Task prompt ▸
Write every record out again exactly as shown below.

Source data ▸
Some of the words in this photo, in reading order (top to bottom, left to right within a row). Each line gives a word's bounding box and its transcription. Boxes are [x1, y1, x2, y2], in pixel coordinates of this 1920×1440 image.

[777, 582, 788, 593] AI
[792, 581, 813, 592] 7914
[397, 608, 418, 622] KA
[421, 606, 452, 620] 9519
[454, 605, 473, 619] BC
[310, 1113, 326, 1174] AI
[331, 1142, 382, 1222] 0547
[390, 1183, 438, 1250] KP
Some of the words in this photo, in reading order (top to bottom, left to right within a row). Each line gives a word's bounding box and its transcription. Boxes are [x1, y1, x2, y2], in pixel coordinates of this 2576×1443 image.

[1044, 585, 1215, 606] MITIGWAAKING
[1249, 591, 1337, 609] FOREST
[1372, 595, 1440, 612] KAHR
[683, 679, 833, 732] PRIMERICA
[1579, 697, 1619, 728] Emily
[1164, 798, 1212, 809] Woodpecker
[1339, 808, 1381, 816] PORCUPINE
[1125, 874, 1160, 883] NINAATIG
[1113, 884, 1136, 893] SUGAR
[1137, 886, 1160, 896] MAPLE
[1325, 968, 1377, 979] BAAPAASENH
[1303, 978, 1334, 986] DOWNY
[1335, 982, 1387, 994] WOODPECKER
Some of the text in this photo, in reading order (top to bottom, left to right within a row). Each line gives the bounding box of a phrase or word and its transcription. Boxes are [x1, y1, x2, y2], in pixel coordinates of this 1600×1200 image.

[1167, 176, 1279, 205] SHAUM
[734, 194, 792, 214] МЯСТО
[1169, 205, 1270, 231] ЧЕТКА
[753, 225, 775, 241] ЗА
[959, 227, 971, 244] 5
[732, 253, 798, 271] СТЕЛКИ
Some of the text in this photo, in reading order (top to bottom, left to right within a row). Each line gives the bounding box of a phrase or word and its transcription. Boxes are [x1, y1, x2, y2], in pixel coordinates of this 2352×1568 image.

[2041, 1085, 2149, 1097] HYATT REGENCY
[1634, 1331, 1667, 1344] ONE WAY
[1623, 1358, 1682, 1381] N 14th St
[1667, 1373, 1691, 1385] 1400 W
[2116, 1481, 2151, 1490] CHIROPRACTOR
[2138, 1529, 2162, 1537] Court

Result of the task ▸
Some of the words in this photo, in reading order (top to bottom, left to right within a row). Each line gives a word's bounding box and its transcription. Boxes are [x1, y1, x2, y2], in pixel coordinates of this 1920×1440 image.

[777, 582, 788, 593] AI
[792, 581, 813, 592] 7914
[397, 608, 418, 622] KA
[421, 606, 452, 620] 9519
[454, 605, 473, 619] BC
[310, 1113, 326, 1174] AI
[331, 1142, 382, 1222] 0547
[390, 1183, 438, 1250] KP
Some of the words in this photo, in reading order (top to bottom, left to right within a row). Each line gives a word's bounding box and its transcription. Boxes are [x1, y1, x2, y2], in pixel coordinates of this 2576×1443 image.

[1044, 585, 1215, 606] MITIGWAAKING
[1249, 591, 1337, 609] FOREST
[1372, 595, 1440, 612] KAHR
[683, 679, 833, 732] PRIMERICA
[1579, 697, 1619, 728] Emily
[1164, 798, 1212, 809] Woodpecker
[1339, 808, 1381, 816] PORCUPINE
[1125, 874, 1160, 883] NINAATIG
[1113, 884, 1136, 893] SUGAR
[1137, 886, 1160, 896] MAPLE
[1325, 968, 1377, 979] BAAPAASENH
[1303, 978, 1334, 986] DOWNY
[1335, 982, 1387, 994] WOODPECKER
Some of the text in this photo, in reading order (top to bottom, left to right within a row). Each line gives the bounding box of a phrase or word and its transcription. Boxes are [x1, y1, x2, y2], in pixel coordinates of this 1600×1200 image.

[1167, 176, 1279, 205] SHAUM
[734, 194, 792, 214] МЯСТО
[1169, 205, 1270, 231] ЧЕТКА
[753, 225, 775, 241] ЗА
[959, 227, 971, 244] 5
[732, 253, 798, 271] СТЕЛКИ
Some of the text in this photo, in reading order (top to bottom, left to right within a row). Each line gives the bounding box of a phrase or word and its transcription. Boxes are [x1, y1, x2, y2], in pixel coordinates of this 2352×1568 image.

[2041, 1085, 2149, 1097] HYATT REGENCY
[1634, 1331, 1667, 1344] ONE WAY
[1623, 1358, 1682, 1381] N 14th St
[1667, 1373, 1691, 1385] 1400 W
[2116, 1481, 2151, 1490] CHIROPRACTOR
[2138, 1529, 2162, 1537] Court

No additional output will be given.